We reproduced Anthropic's Mythos findings with public models
agents anthropic open-source
| Source: HN | Original article
Anthropic’s internal cybersecurity model, Claude Mythos, has been the subject of intense scrutiny since the company began restricting access to it for a handful of partners, including U.S. agencies. Earlier this week a team of independent researchers announced that they had replicated Mythos’s most cited vulnerability‑detection results using only publicly available, open‑source models.
The replication effort built on the “Open‑Source for Anthropic” program that lets developers experiment with Mythos under a non‑disclosure agreement. By training smaller, publicly released transformer agents on the same code‑base benchmarks that Anthropic used, the researchers identified hundreds of the same bugs that Mythos flagged, albeit with a lower hit‑rate. Their paper, posted to a pre‑print server, notes that while the public models missed a fraction of the most obscure issues, they captured the bulk of the high‑severity findings that Anthropic highlighted in its internal white‑paper.
Why it matters is twofold. First, the claim that Mythos offers a proprietary edge in automated security testing is now tempered; open‑source alternatives can achieve comparable coverage without the steep API fees that Anthropic has hinted could run into the thousands of dollars per month. Second, the result reshapes the policy conversation that unfolded in April, when the White House announced plans to grant federal agencies access to Mythos (see our April 17 coverage of the “Mythos scramble”). If government bodies can rely on community‑driven tools, the pressure on Anthropic to open its model—or face competitive displacement—intensifies.

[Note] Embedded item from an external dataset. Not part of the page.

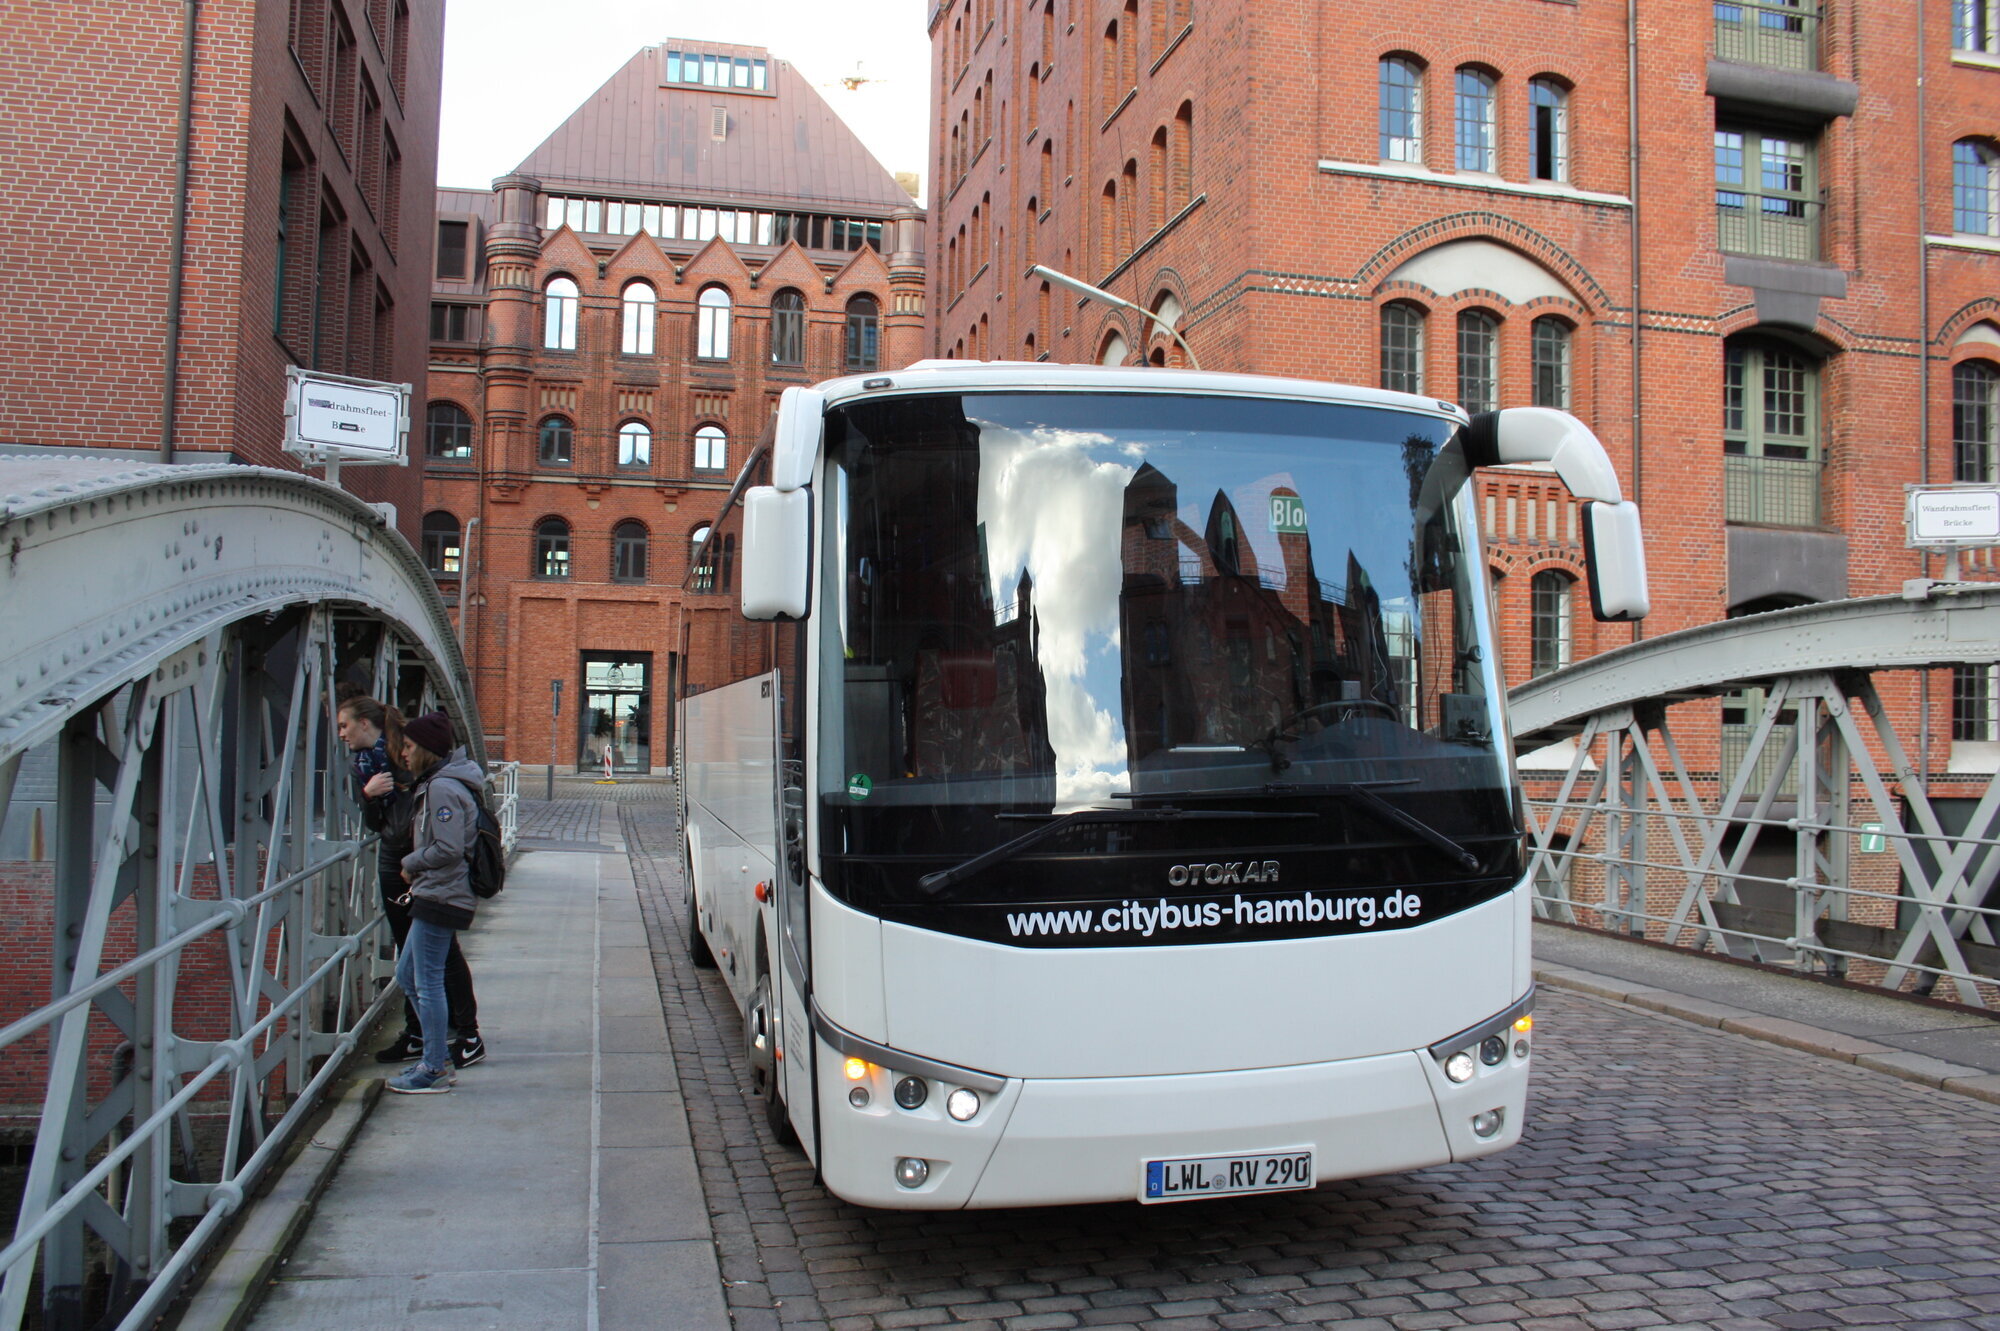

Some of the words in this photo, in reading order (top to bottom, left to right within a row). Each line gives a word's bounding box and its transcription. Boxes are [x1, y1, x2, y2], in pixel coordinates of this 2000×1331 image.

What to watch next: Anthropic is expected to respond with a technical brief defending Mythos’s unique capabilities, and the company may adjust its licensing model to retain commercial advantage. Meanwhile, cybersecurity firms and national labs are likely to launch broader benchmarking initiatives to map the performance gap between proprietary and open‑source AI auditors. The next few weeks could determine whether Mythos remains a niche asset or becomes a catalyst for a more open AI‑driven security ecosystem.